As she put it in his hands, the Fitzgerald woman said, “If ten million could have saved Edward, I’d have given it.”

LePere was caught by surprise and it took him a moment to place the reference. “Your first husband, right? The lake got him. I read your book. He sounded like a stand-up guy.”

LePere put the syringe down a small slot in a metal box on the wall that had been a repository for old razor blades in the days when his father sometimes used the basin in the fish house to shave. “Do you remember him?” he asked her son.

“Not really,” the boy said.

“Maybe you’re lucky. It hurts a lot if you do.”

“You move on with your life, Mr. LePere,” the Fitzgerald woman said.

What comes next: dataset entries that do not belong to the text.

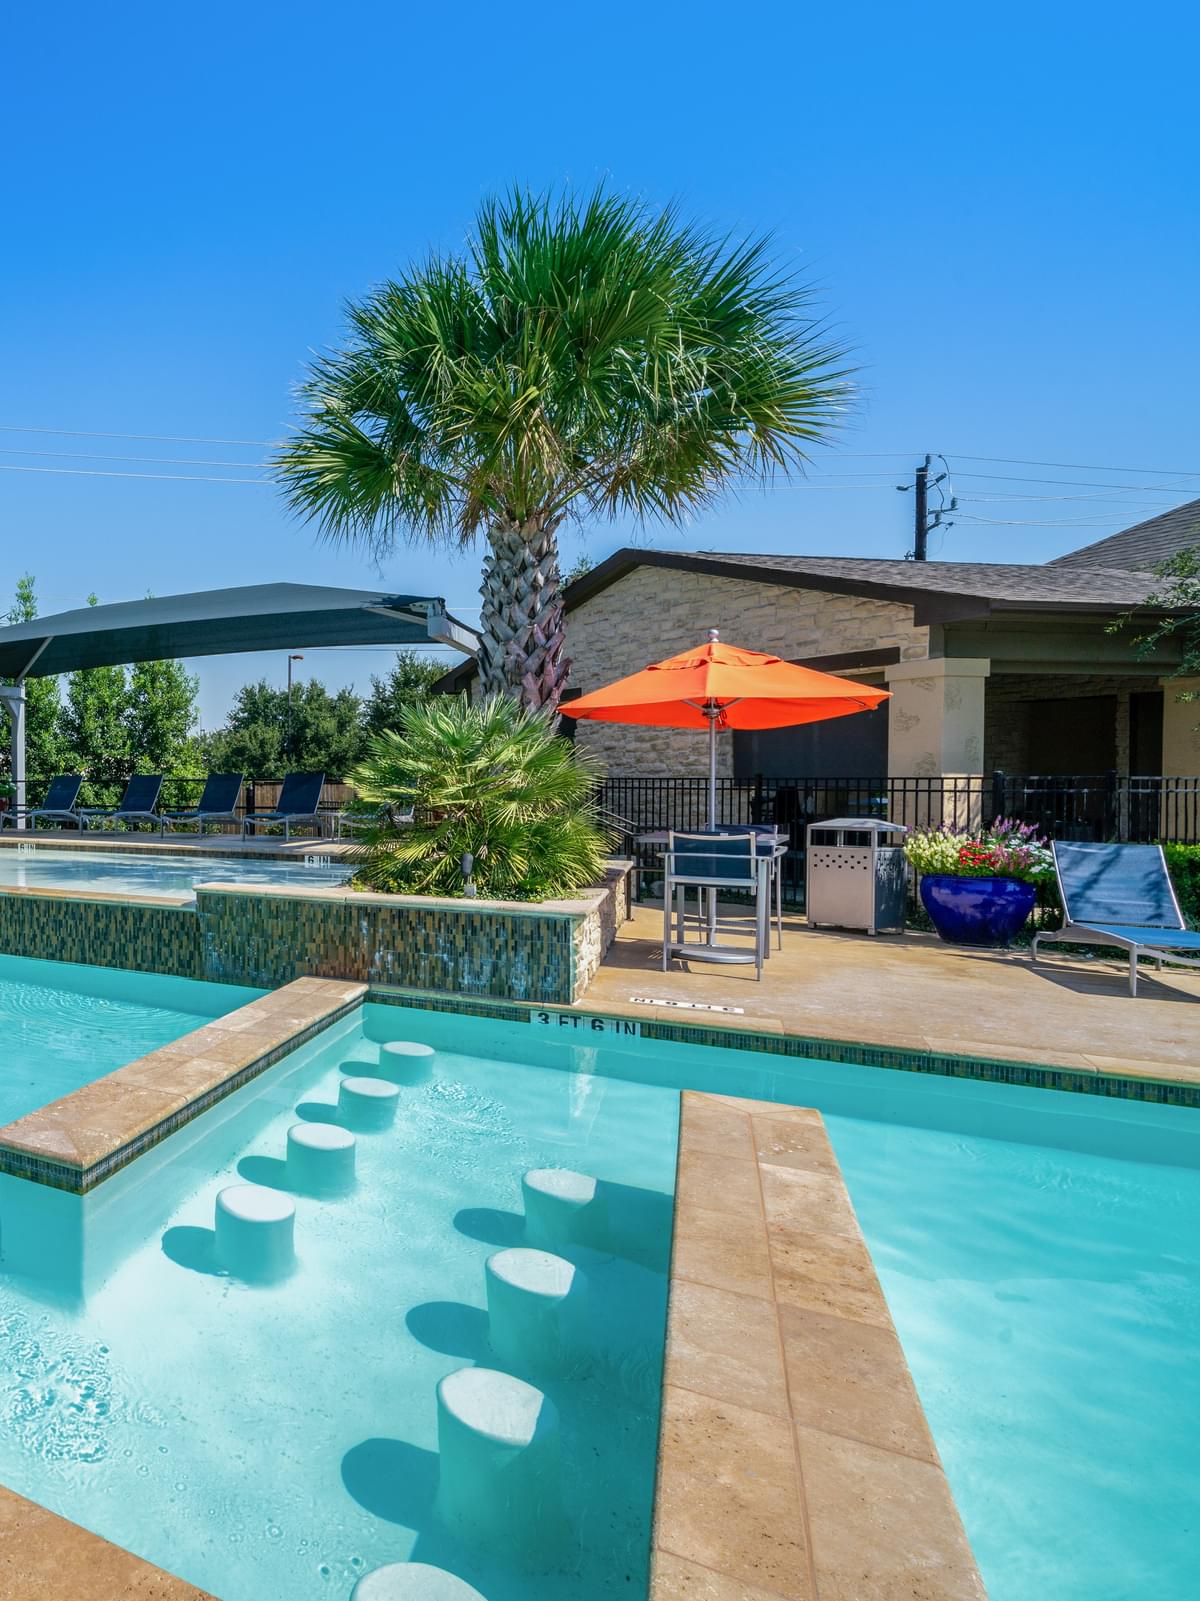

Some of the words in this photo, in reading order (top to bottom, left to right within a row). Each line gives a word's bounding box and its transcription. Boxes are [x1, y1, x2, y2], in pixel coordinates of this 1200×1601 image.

[308, 855, 314, 865] 6
[318, 855, 329, 865] IN
[537, 1012, 550, 1025] 3
[559, 1014, 582, 1029] FT
[591, 1018, 605, 1032] 6
[615, 1021, 636, 1036] IN
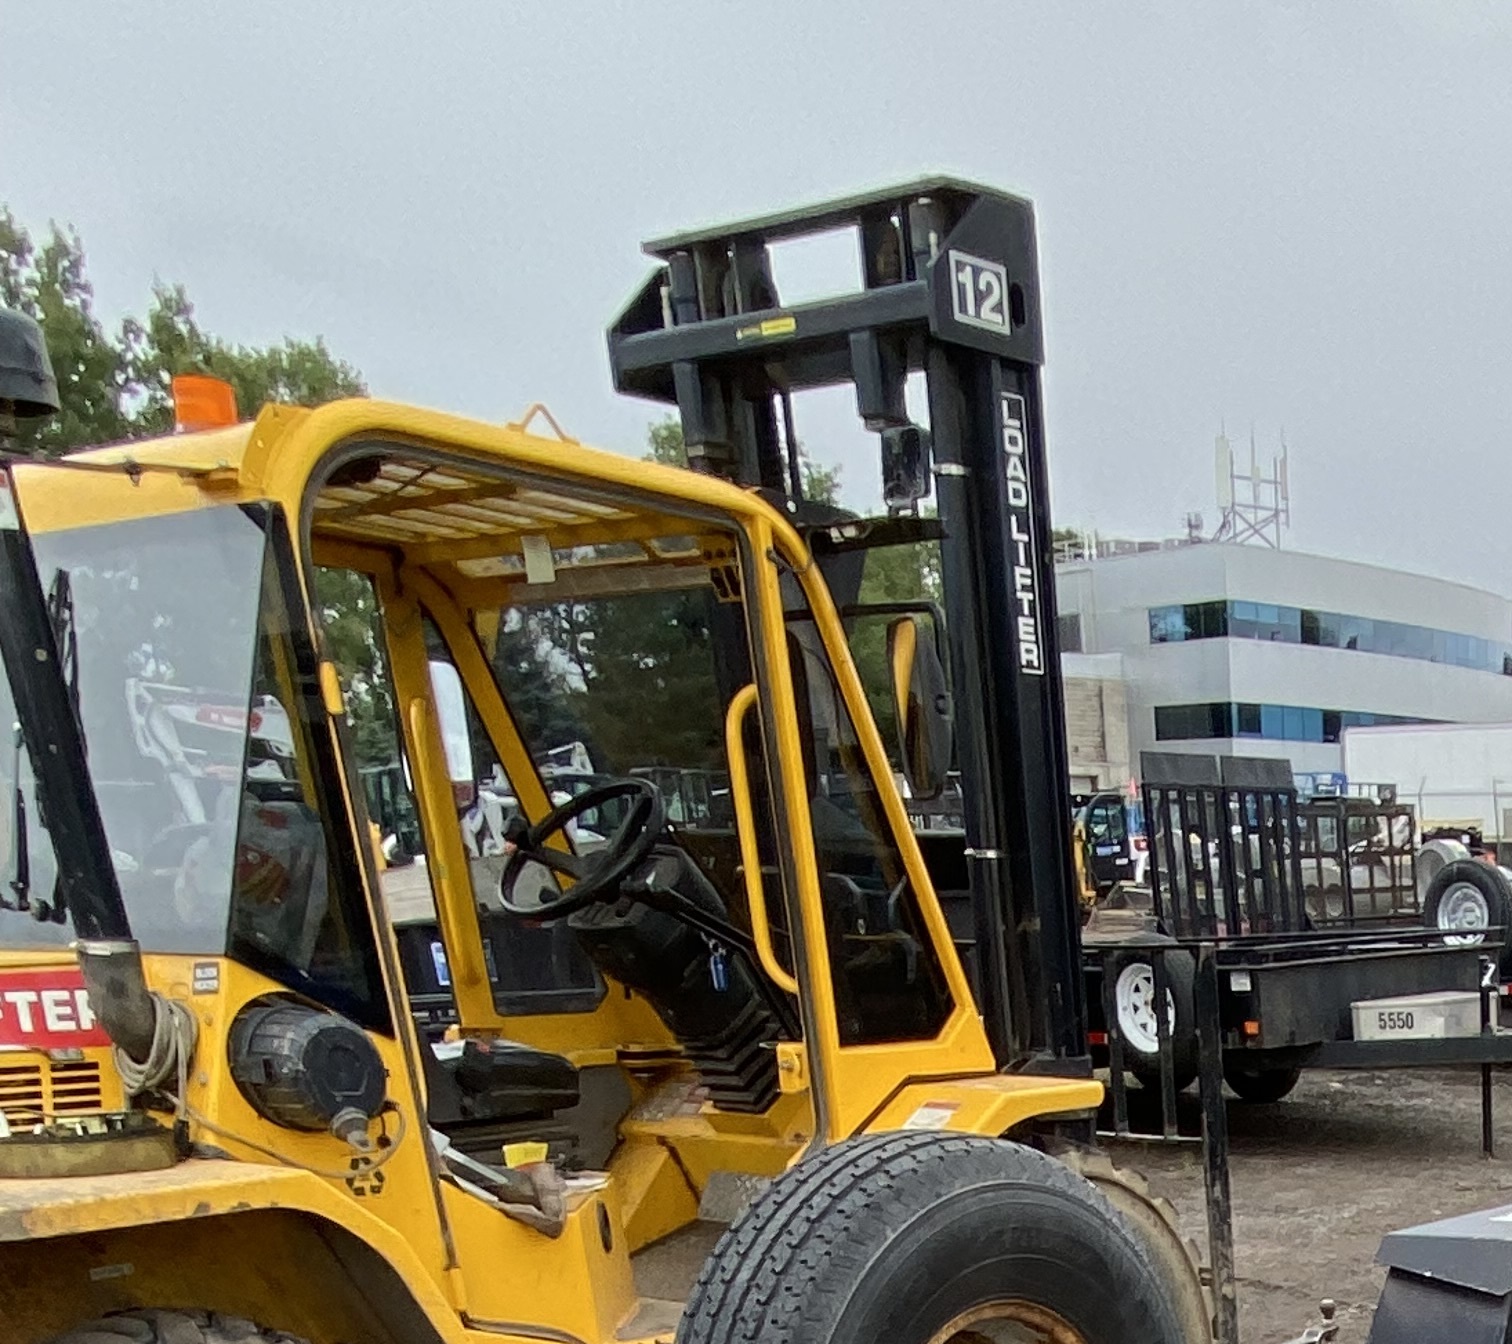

“Yes.” He tapped the metal box to make sure the syringe had dropped. “But you never forget, do you?” He turned and looked down at her. “I watched you a long time on the cove. You’re different from the person I thought I saw.”

“Different how?”

“Doesn’t matter. I was way off base.” He picked up the roll of duct tape. “I need to bind your hands again.”

“Do you have to?”

“It won’t be much longer. I’m sorry.” He bound her, then asked her son, “Are you hungry?”

“Yes.”

“How about a banana?”

“Okay.”

He cut the boy free and waited while he ate. “What about your son?” he asked the O’Connor woman.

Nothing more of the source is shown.